Die Reformation der Kirche

Zu mehr Selbstbewusstsein und den Mut, querzudenken, wollen Olaf Nöller und Wilhem Bruners ermuntern

Die Ökumene ist unumkehrbar und wird sich in Zukunft in den Gemeinden noch vertiefen: Das war der Tenor des Gesprächs zwischen dem evangelischen Pfarrer Olaf Nöller und dem katholischen Priester Wilhelm Bruners, an dem sich auch das Publikum rege beteiligte. (c) Garnet Manecke
Die Ökumene ist unumkehrbar und wird sich in Zukunft in den Gemeinden noch vertiefen: Das war der Tenor des Gesprächs zwischen dem evangelischen Pfarrer Olaf Nöller und dem katholischen Priester Wilhelm Bruners, an dem sich auch das Publikum rege beteiligte.
Datum:
13. Feb. 2018
Von:
Aus der der KirchenZeitung, Ausgabe 07/2018 | Garnet Manecke

Die Frage ist provokant, aber durchaus berechtigt: Brauchen wir eine neue Reformation?

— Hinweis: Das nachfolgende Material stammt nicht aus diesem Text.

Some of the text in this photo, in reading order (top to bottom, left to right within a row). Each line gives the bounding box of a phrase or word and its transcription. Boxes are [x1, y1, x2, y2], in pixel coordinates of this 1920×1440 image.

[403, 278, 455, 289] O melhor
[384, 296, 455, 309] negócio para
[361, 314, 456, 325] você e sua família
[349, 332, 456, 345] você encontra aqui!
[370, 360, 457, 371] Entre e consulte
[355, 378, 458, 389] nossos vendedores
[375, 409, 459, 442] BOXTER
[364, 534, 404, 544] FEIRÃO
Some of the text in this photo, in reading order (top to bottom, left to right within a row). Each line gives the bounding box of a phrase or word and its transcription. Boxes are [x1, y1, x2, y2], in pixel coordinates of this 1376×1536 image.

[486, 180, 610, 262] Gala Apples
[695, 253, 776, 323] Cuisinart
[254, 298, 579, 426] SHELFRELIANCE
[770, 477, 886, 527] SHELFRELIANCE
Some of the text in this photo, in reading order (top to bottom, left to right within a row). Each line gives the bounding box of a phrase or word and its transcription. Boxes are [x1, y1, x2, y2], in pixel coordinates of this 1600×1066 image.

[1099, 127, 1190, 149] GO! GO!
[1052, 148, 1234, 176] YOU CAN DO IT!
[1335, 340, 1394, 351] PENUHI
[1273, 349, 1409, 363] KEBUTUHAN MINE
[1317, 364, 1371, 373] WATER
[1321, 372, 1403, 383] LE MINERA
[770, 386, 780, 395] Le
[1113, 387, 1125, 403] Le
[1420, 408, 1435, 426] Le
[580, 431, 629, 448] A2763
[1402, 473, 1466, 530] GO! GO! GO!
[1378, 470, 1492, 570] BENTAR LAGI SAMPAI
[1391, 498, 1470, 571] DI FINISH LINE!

Oder hat sie längst begonnen? Über dieses Thema unterhielten sich Olaf Nöller, evangelischer Pfarrer in Mönchengladbach-Rheydt und Wilhelm Bruners, katholischer Priester aus Mönchengladbach, mit Gläubigen beider Konfessionen. Das Fazit des Abends: Kirche muss sich für mehr Beteiligung öffnen, die Ökumene wird in Zukunft wichtiger denn je.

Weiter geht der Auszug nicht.